La Grèce a connu de 1990 à 2000 une croissance similaire à celle des autres pays de l’Union Européenne. A la suite de son entrée dans l’Euro en 2001 et jusqu’en 2007 une bulle de croissance s’est développée, basée principalement sur le prix des actifs. Comme dans d’autres pays, cette bulle n’était pas viable et a éclaté en 2008. La figure 1 montre bien cette divergence des PIB à partir de 2000. Elle montre aussi la chute spectaculaire après 2008, la Grèce revenant en 2013 au niveau de 2000 après une chute d’environ 25% !(1)
FIG 1
Pourtant, un plan a été mis en place à partir de 2010 pour relancer l’économie. Ce plan a été largement inspiré par la « troïka » BCE-FMI-UE. Le raisonnement des spécialistes était simple. Pour qu’un petit pays sorte du trou, et s’il ne peut pas dévaluer, il doit regagner de la compétitivité autrement pour avoir une croissance « tirée par l’export » (export-led recovery). Cette méthode inspirée par les théories libérales fait bon marché des souffrances des citoyens concernés, le gain de compétitivité se construisant surtout, bien que pas uniquement, sur la baisse des salaires réels.
Ce regain de compétitivité par déflation salariale a fonctionné pour plusieurs pays, mais pas pour la Grèce.
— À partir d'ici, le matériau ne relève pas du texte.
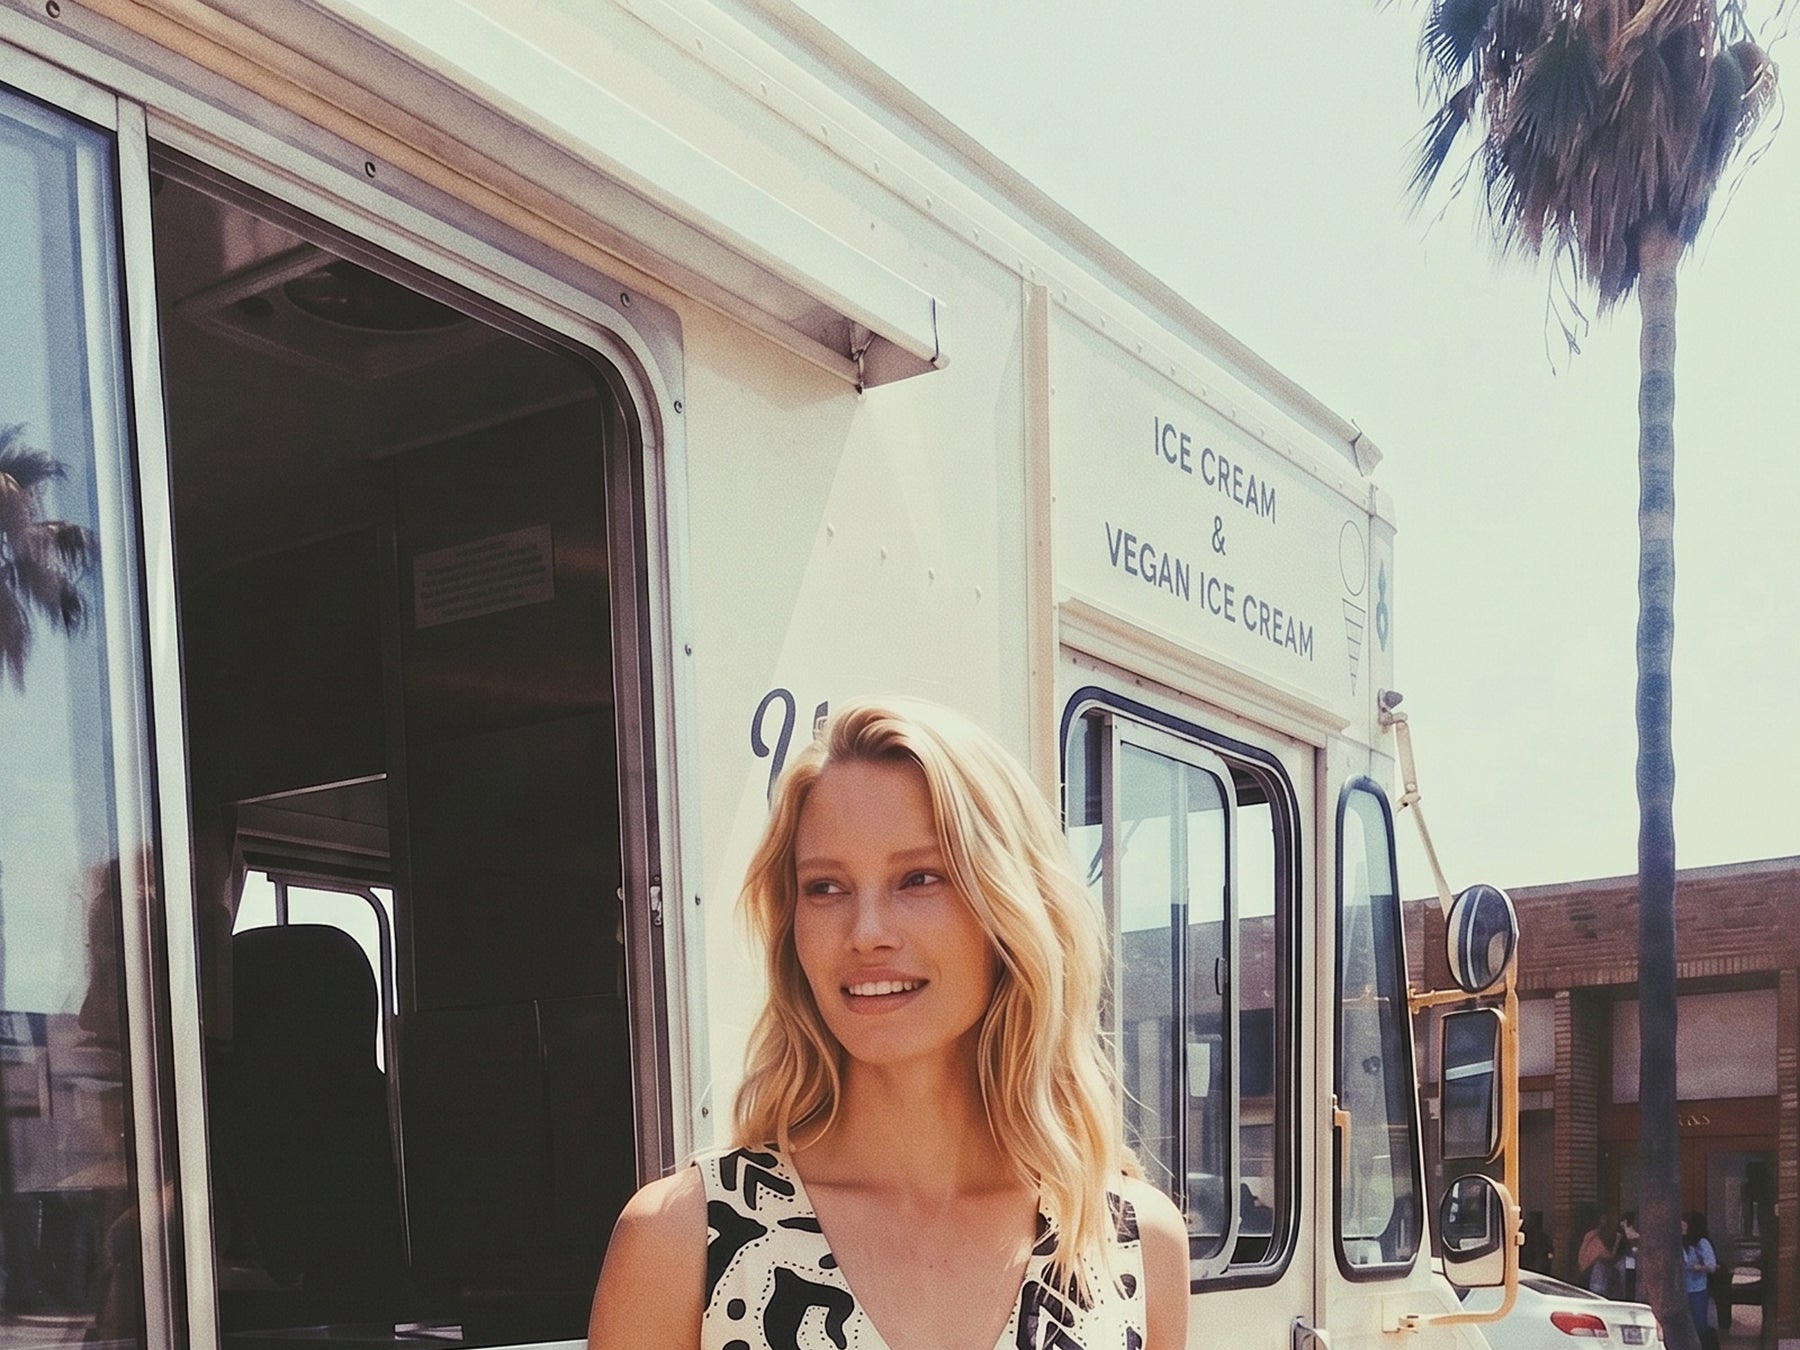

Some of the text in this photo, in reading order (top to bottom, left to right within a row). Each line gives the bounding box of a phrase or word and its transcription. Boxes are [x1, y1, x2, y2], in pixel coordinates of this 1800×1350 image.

[1154, 416, 1276, 525] ICE CREAM
[1211, 515, 1226, 556] &
[1105, 521, 1314, 662] VEGAN ICE CREAM
La figure 2 ci-dessous montre que, des 5 pays examinés (qui ont tous fait l’objet d’un programme « d’ajustement » piloté par la troïka), la Grèce est celle qui a les exportations les plus faibles en 2014. Par rapport à 2008, la Grèce fait +3% pour les biens et -21% pour les services, alors que les 4 autres font entre +6% et +51% pour les biens et entre +3% et +29% pour les services. Qui plus est, la chute du PIB grec est bien pire que ne laisserait penser ces mauvais résultats.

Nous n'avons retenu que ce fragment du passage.